Exercise description | All entries must be repeated exactly; do not include the pictures.

Records for the exercise |

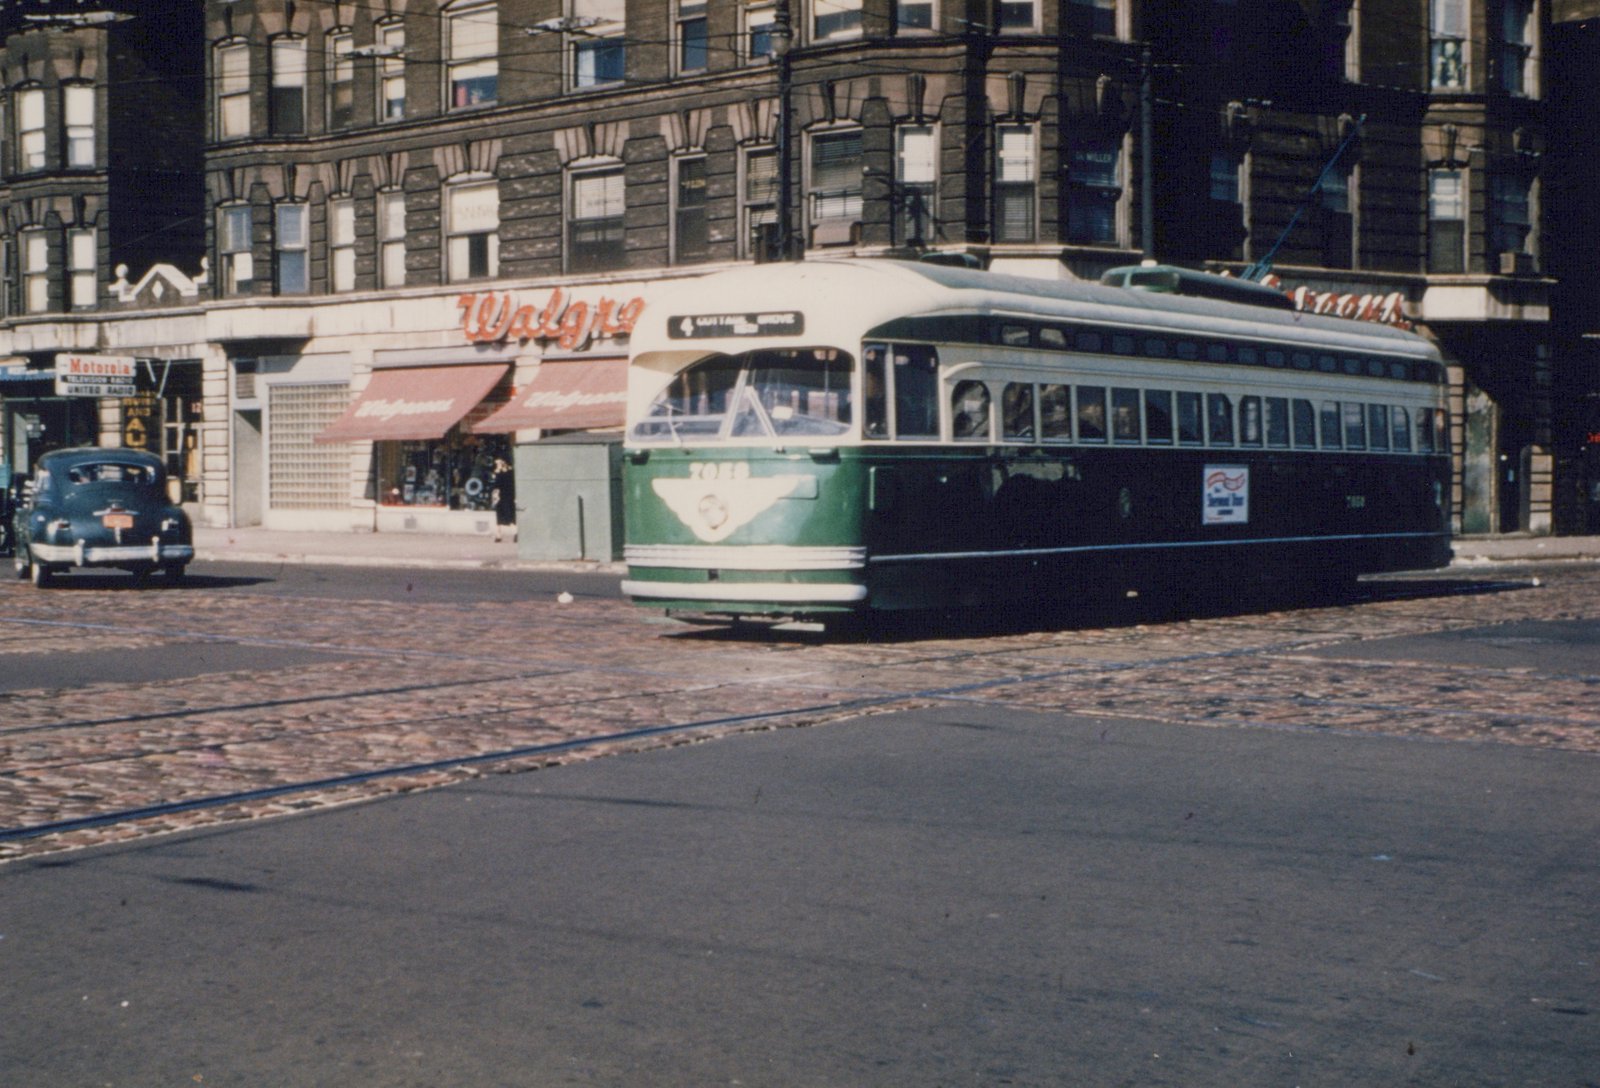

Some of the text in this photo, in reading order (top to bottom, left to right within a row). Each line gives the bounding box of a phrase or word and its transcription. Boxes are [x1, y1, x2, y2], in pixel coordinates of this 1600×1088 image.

[680, 316, 694, 337] 4
[69, 357, 131, 375] Motorola
[67, 385, 101, 395] UNITED
[107, 385, 135, 395] RADIO
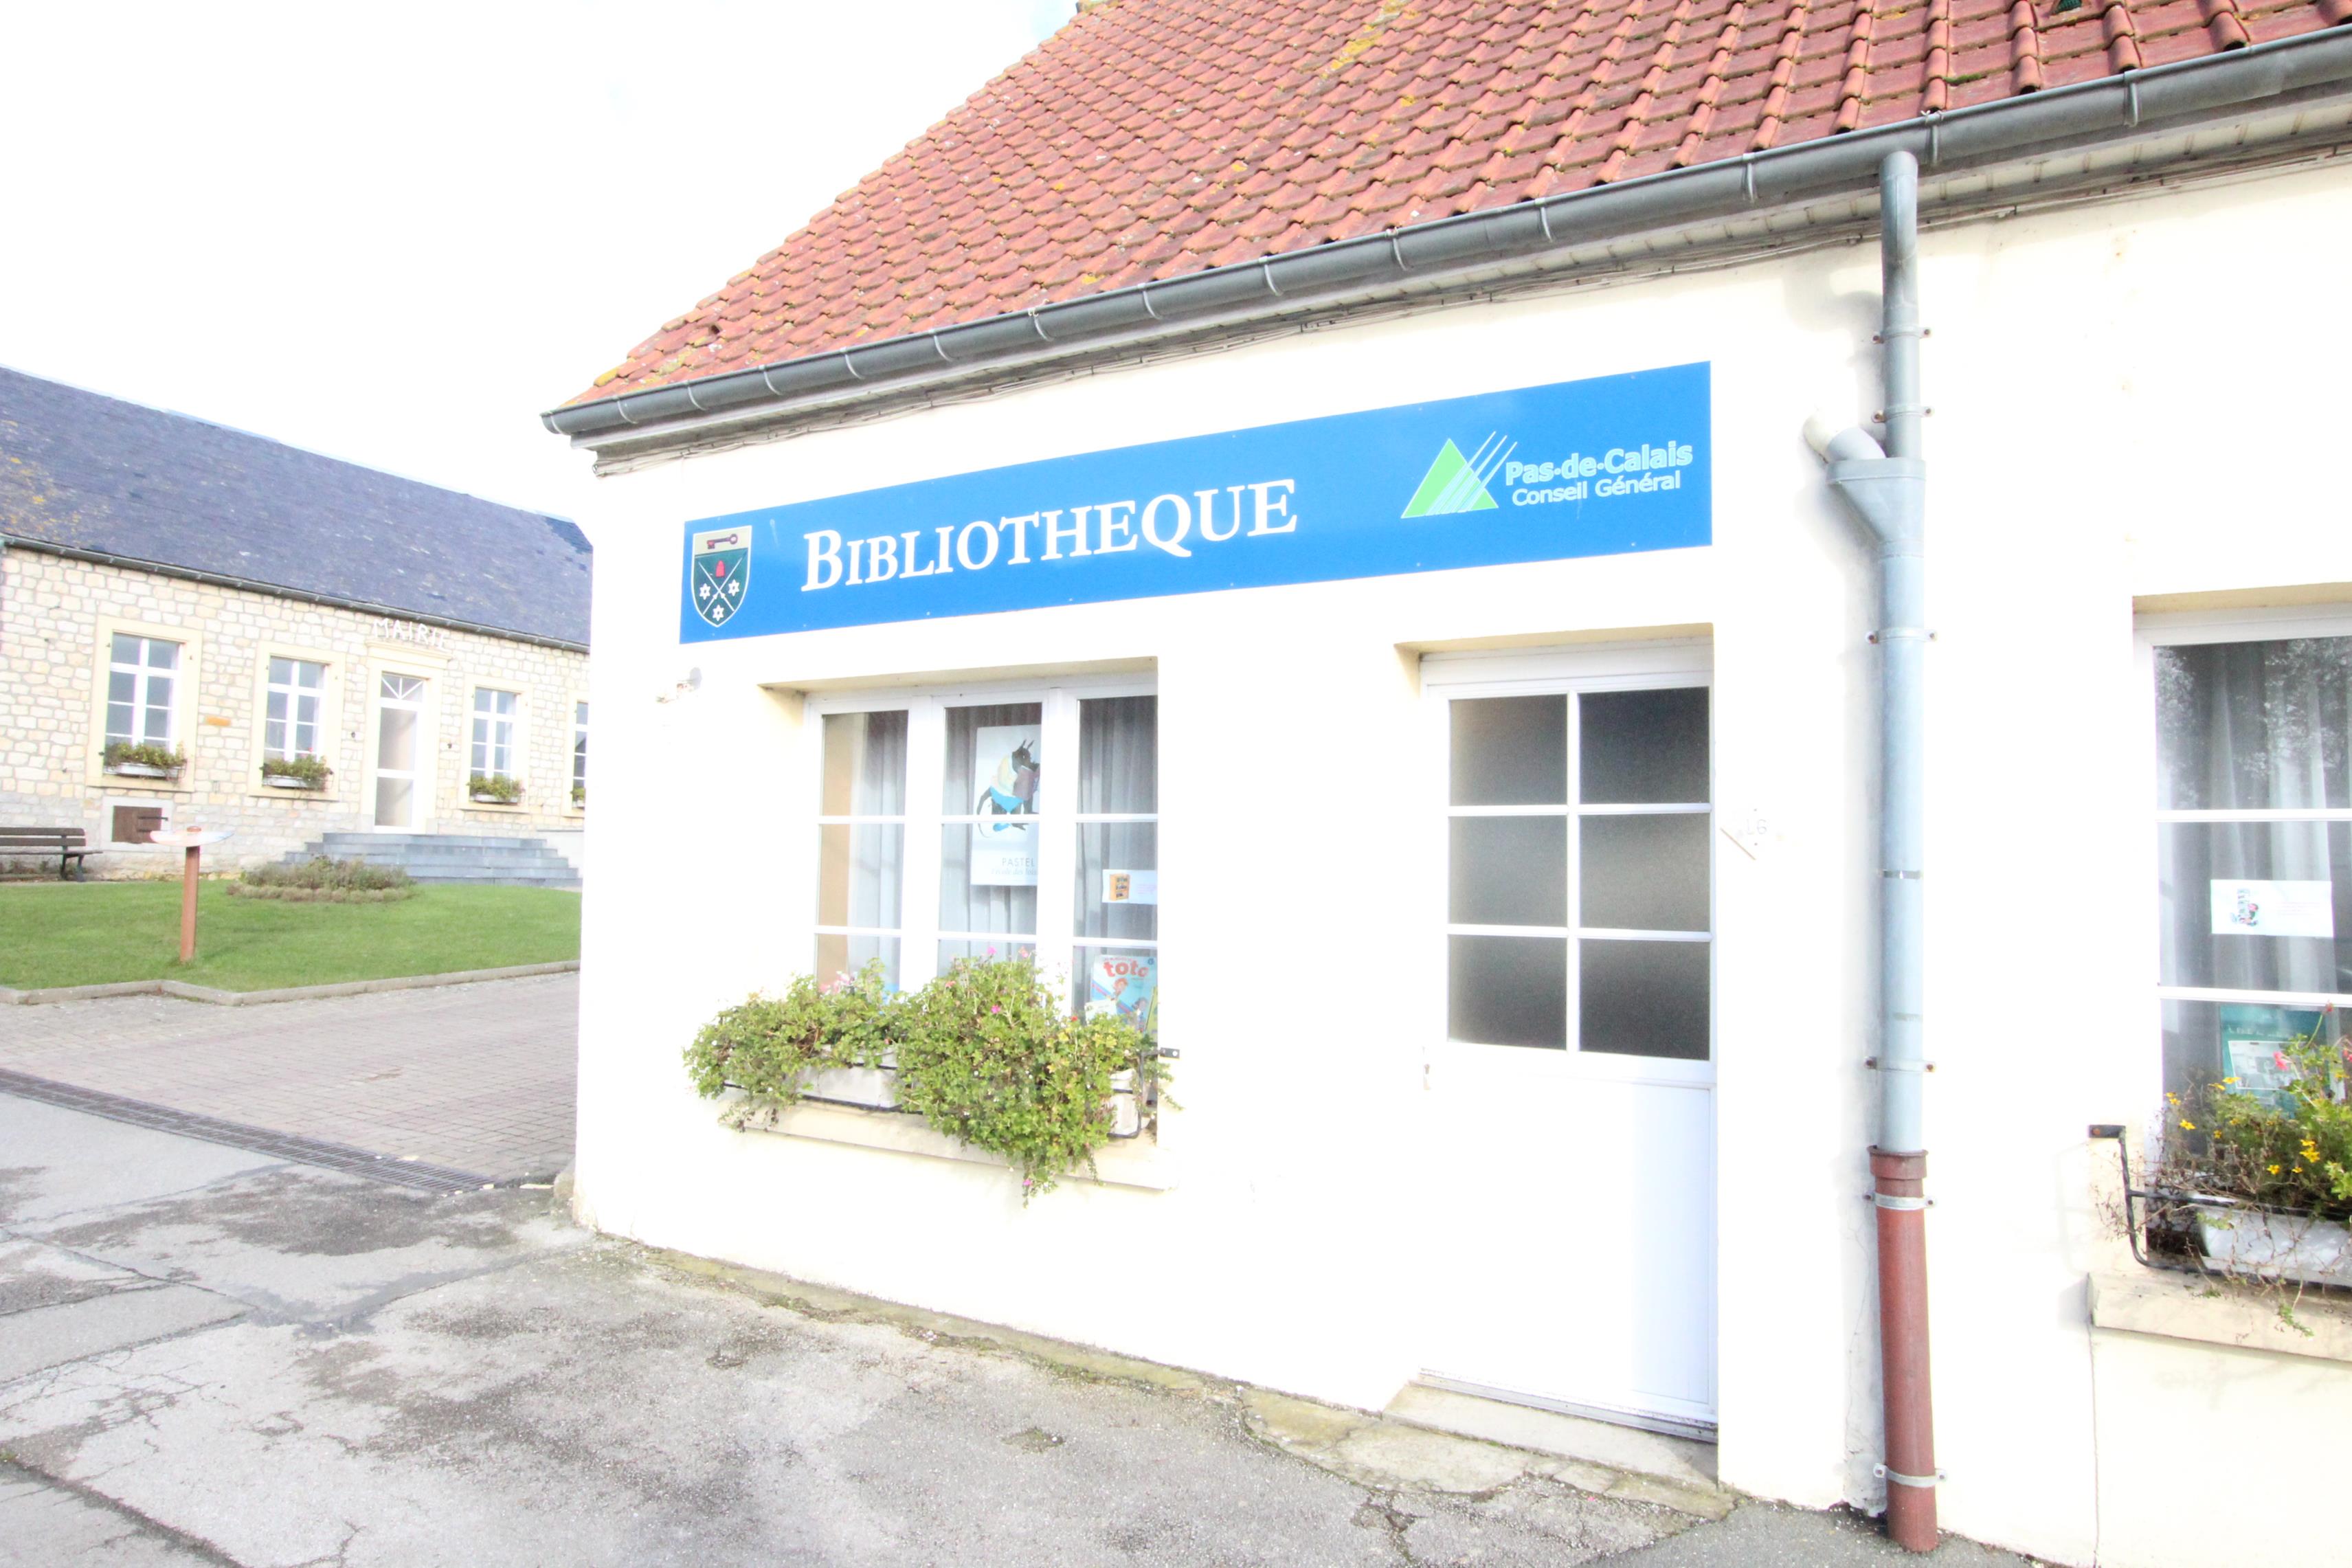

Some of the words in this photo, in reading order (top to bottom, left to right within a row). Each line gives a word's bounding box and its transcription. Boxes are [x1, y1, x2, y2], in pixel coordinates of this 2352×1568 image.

[1512, 481, 1587, 506] Conseil
[1595, 470, 1681, 497] Général
[801, 479, 1297, 592] BIBLIOTHEQUE
[373, 618, 452, 652] MAIRIE
[1002, 857, 1035, 867] PASTEL

Written answer |
Some of the text in this photo, in reading order (top to bottom, left to right within a row). Each line gives the bounding box of a phrase or word and its transcription. Boxes are [x1, y1, x2, y2], in pixel coordinates of this 1600×1088 image.

[680, 316, 694, 337] 4
[69, 357, 131, 375] Motorola
[67, 385, 101, 395] UNITED
[107, 385, 135, 395] RADIO

Some of the words in this photo, in reading order (top to bottom, left to right within a row). Each line gives a word's bounding box and its transcription. Boxes are [x1, y1, x2, y2], in pixel coordinates of this 2352×1568 image.

[1512, 481, 1587, 506] Conseil
[1595, 470, 1681, 497] Général
[801, 479, 1297, 592] BIBLIOTHEQUE
[373, 618, 452, 652] MAIRIE
[1002, 857, 1035, 867] PASTEL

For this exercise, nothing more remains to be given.